As a pro, Jose stayed active in the ring with six fights in 2013, six in 2014, three in 2015, and three in 2016. He has given consistently impressive performances and made excellent progress.
A boxer from a small agricultural community in California’s San Joaquin Valley who wins several national amateur championships and makes the U.S. Olympic team attracts a lot of attention in his home area, and Jose has used that spotlight to do more than just further his own career. During California’s recent historic drought, he’s headlined a series of fight cards in his home area titled “Fight for Water” to raise awareness for the cause of bringing water to his community.
In his last fight on May 5 in Reno, he won by second-round TKO against Jake Giuriceo.
The Fresno Bee’s Anthony Galaviz reported [excerpts]: Make it 20-0 for Jose Ramirez.
Ramirez continued his dominance with a second-round technical knockout over Jake Giuriceo due to a bad cut in a scheduled 10-round super lightweight bout at the Reno Convention Center on Friday.
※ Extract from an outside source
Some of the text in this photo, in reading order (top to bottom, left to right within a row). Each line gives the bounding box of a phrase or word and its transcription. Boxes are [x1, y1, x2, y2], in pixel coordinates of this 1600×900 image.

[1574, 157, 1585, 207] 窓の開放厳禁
Time of the stoppage was 2:10.
Ramirez started fast and ended up opening a cut to Giuriceo late in the first round with an overhand right and landed strong jabs that opened up the cut.
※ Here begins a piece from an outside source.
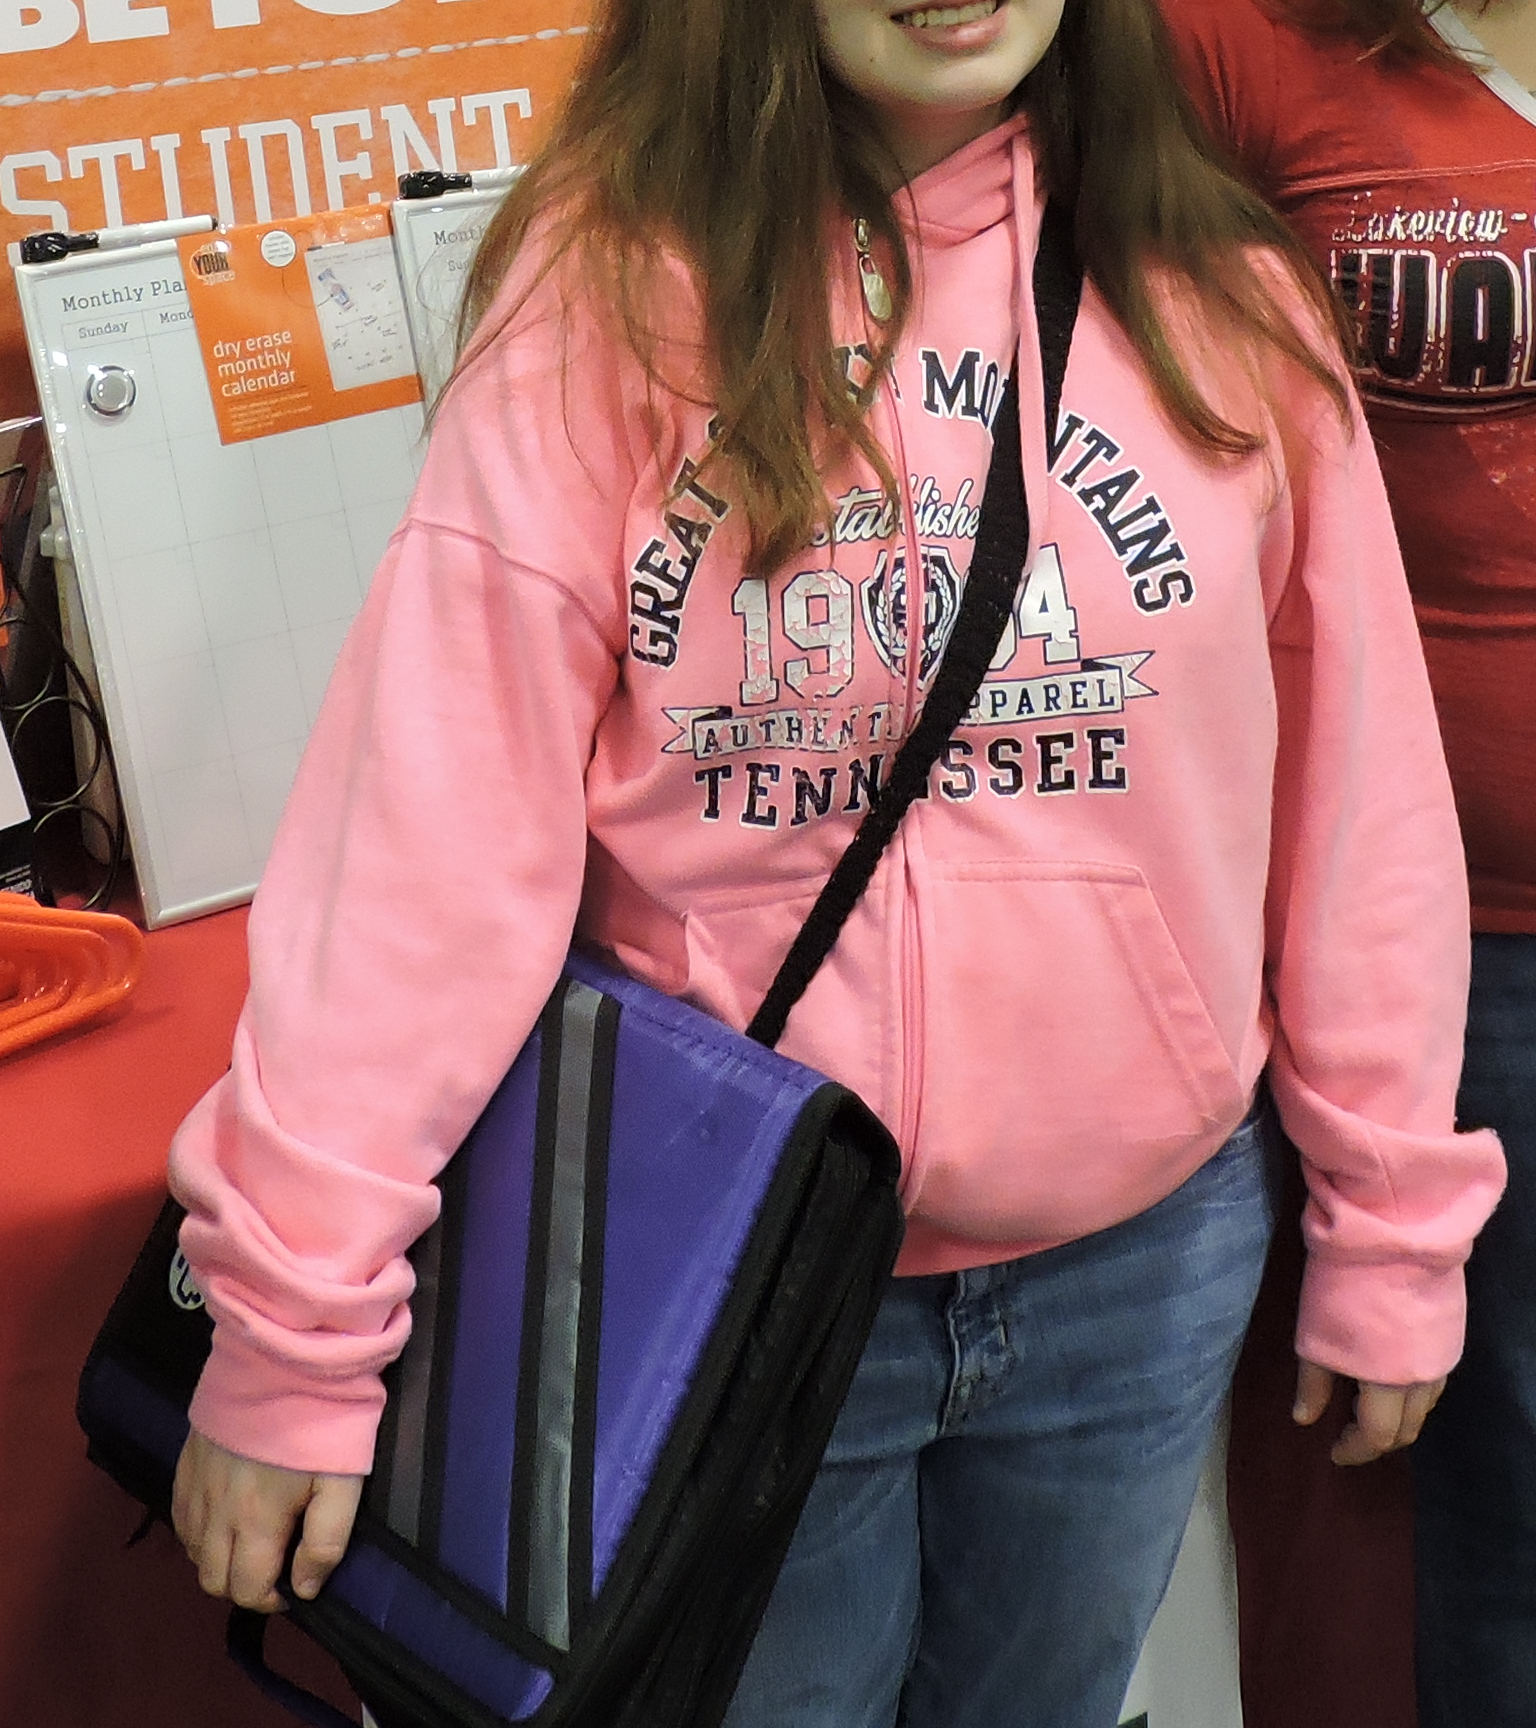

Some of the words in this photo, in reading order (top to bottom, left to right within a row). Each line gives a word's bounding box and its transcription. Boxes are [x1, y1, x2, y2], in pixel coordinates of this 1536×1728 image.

“I think I made it look too easy,” Ramirez said. “I don’t want to feel arrogant, but I really need to step it up in competition. I was just happy I was able to showcase what I’ve been working on. I think I was able to use all my different punches that I’ve been working on with Freddy Roach. Freddie Roach was more than happy with my performance.”
Roach was indeed happy with Ramirez’s performance.
“Jose had a great camp,” he said. “He came here and got the win, which is what it’s all about. I was proud of him.”
“Jose made it look easy,” Ramirez’s promoter/agent Rick Mirigian said. “Looked incredibly sharp, quick and accurate, and showed he is ready for the next level.”
For now, Ramirez will enjoy this latest victory for two weeks and train again.
“I did what I had to do,” he said. “I felt great in there. There is no question I am ready to fight for a world title.” [End Galaviz item]
In an earlier interview, Jose said, “Freddie has been my head coach for my last nine fights, but he was also in my corner for my first fight. I’ve always worked with Freddie, but I had another coach and Freddie helped us – every time I needed sparring, I had an open door at the Wild Card Boxing Club. After a while, I decided to just make the full transition from where I was at to L.A.
“I met Freddie at the 2011 U.S. Nationals and I started working with him before the Olympics – it was when they invited Freddie to work with the Olympic team at the Olympic Training Center. He worked with us for a few weeks in Colorado Springs. After everybody would leave, me and him would stay to do extra work. He always liked the way I fought and the dedication I put in the gym. Some of the other coaches would get jealous about the extra time he would spend with me.
“I’ve never used a nickname. I just keep it simple.”